Available records: Begin

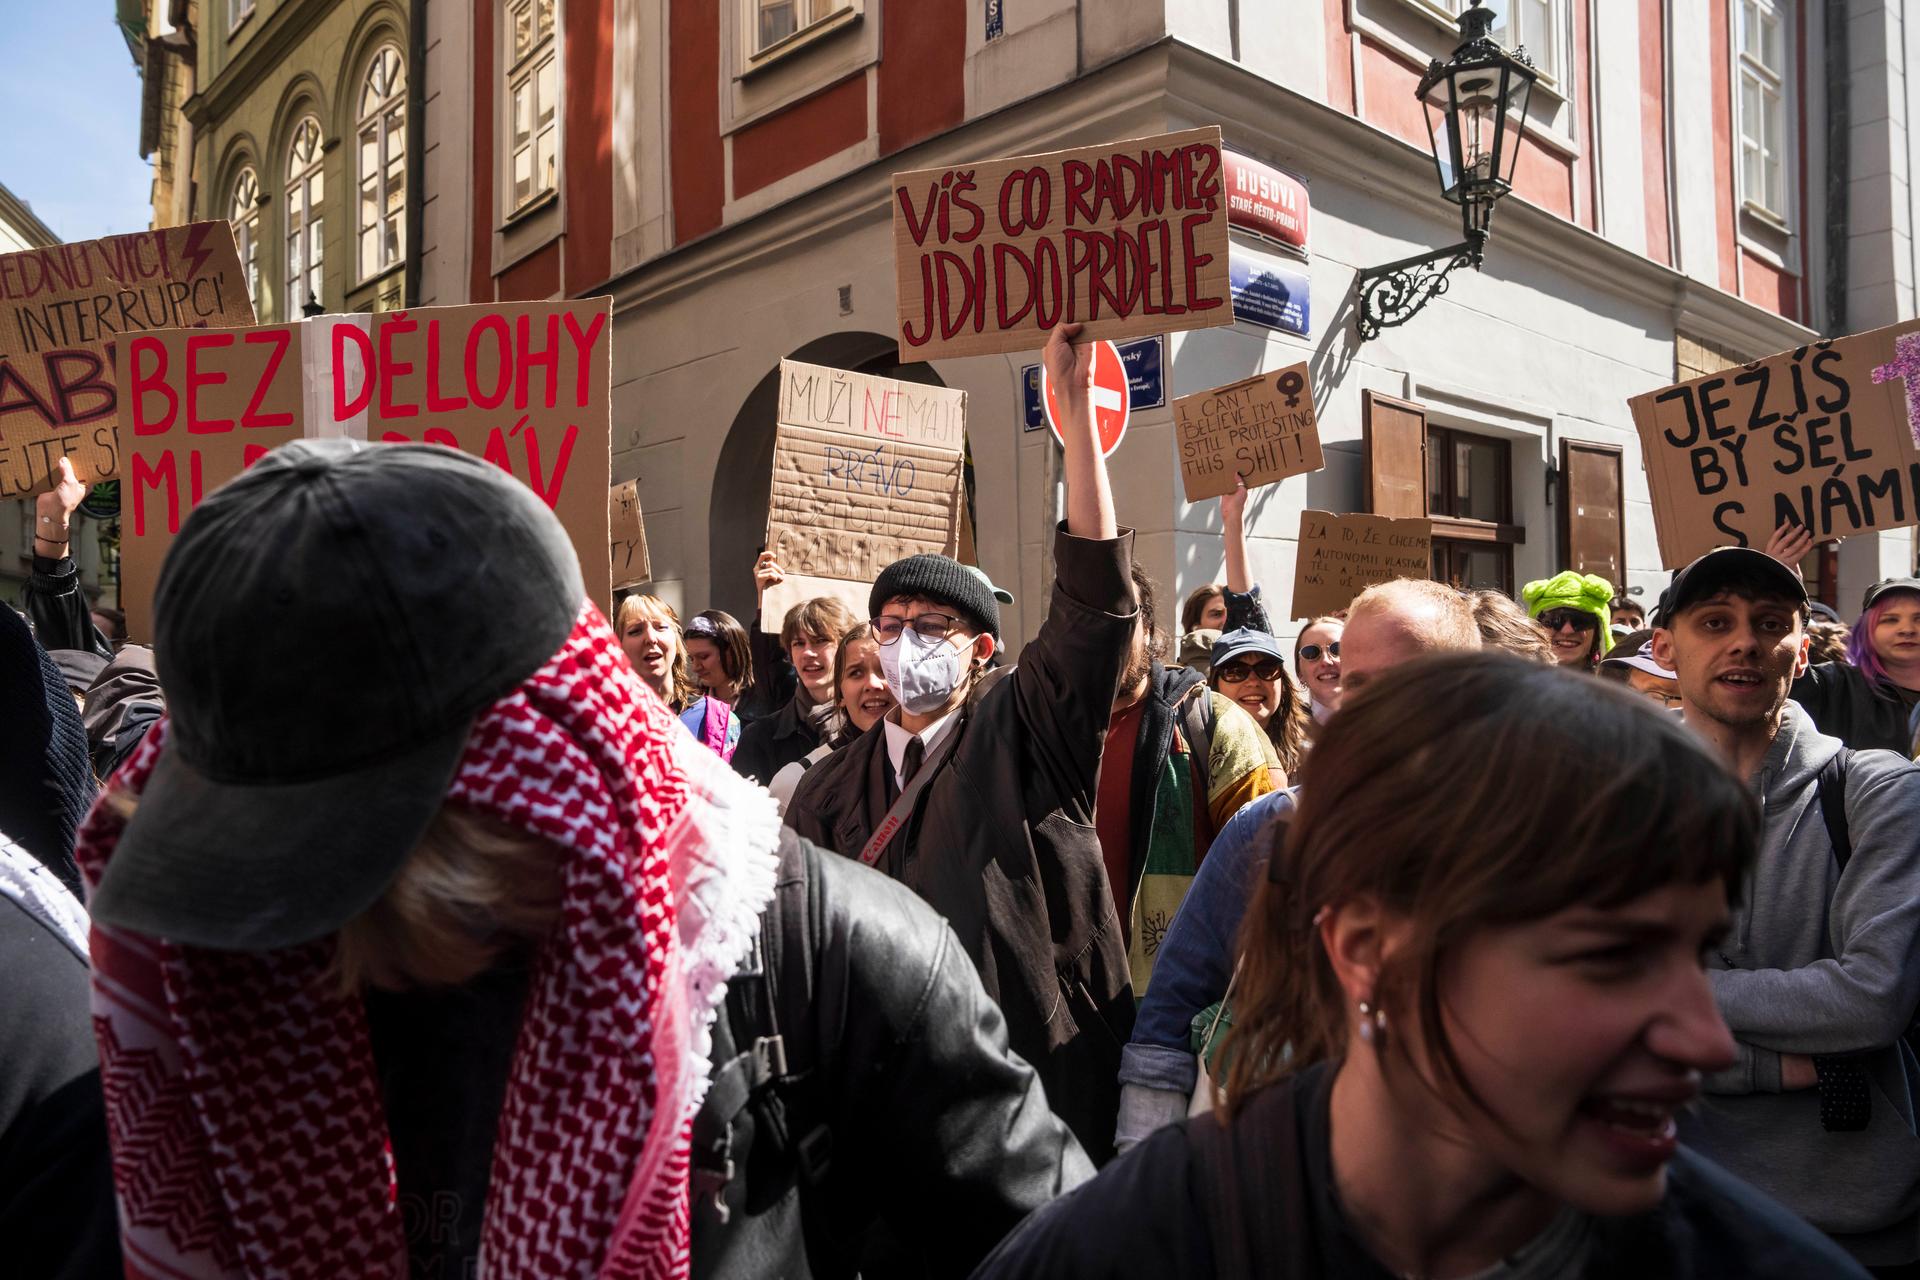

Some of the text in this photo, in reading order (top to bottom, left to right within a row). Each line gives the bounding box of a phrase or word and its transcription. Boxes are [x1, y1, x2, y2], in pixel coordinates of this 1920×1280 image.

[898, 170, 985, 247] VÍŠ
[998, 166, 1051, 237] CO
[1230, 194, 1252, 214] STARÉ
[1236, 167, 1296, 212] HUSOVA
[903, 212, 1223, 347] JDI DO PRDELE
[129, 310, 607, 437] BEZ DĚLOHY
[1655, 341, 1851, 449] JEŽÍŠ
[789, 372, 853, 428] MUŽI
[1179, 388, 1254, 422] I CAN'T
[1181, 400, 1278, 440] BELIEVE I'M
[1183, 407, 1314, 458] STILL PROTESTING
[1690, 412, 1872, 495] BY ŠEL
[823, 445, 916, 497] PRÁVO
[1183, 454, 1224, 477] THIS
[1307, 522, 1327, 540] ZA
[1363, 526, 1382, 545] ŽE
[1712, 500, 1749, 548] S
[1314, 547, 1378, 565] AUTONOMII
[863, 815, 899, 862] Canon

Available records: End

• _Goal of the exercise_
Your reply should hold only the records, duplicated exactly, without any image.

• _Worked solution_
Some of the text in this photo, in reading order (top to bottom, left to right within a row). Each line gives the bounding box of a phrase or word and its transcription. Boxes are [x1, y1, x2, y2], in pixel coordinates of this 1920×1280 image.

[898, 170, 985, 247] VÍŠ
[998, 166, 1051, 237] CO
[1230, 194, 1252, 214] STARÉ
[1236, 167, 1296, 212] HUSOVA
[903, 212, 1223, 347] JDI DO PRDELE
[129, 310, 607, 437] BEZ DĚLOHY
[1655, 341, 1851, 449] JEŽÍŠ
[789, 372, 853, 428] MUŽI
[1179, 388, 1254, 422] I CAN'T
[1181, 400, 1278, 440] BELIEVE I'M
[1183, 407, 1314, 458] STILL PROTESTING
[1690, 412, 1872, 495] BY ŠEL
[823, 445, 916, 497] PRÁVO
[1183, 454, 1224, 477] THIS
[1307, 522, 1327, 540] ZA
[1363, 526, 1382, 545] ŽE
[1712, 500, 1749, 548] S
[1314, 547, 1378, 565] AUTONOMII
[863, 815, 899, 862] Canon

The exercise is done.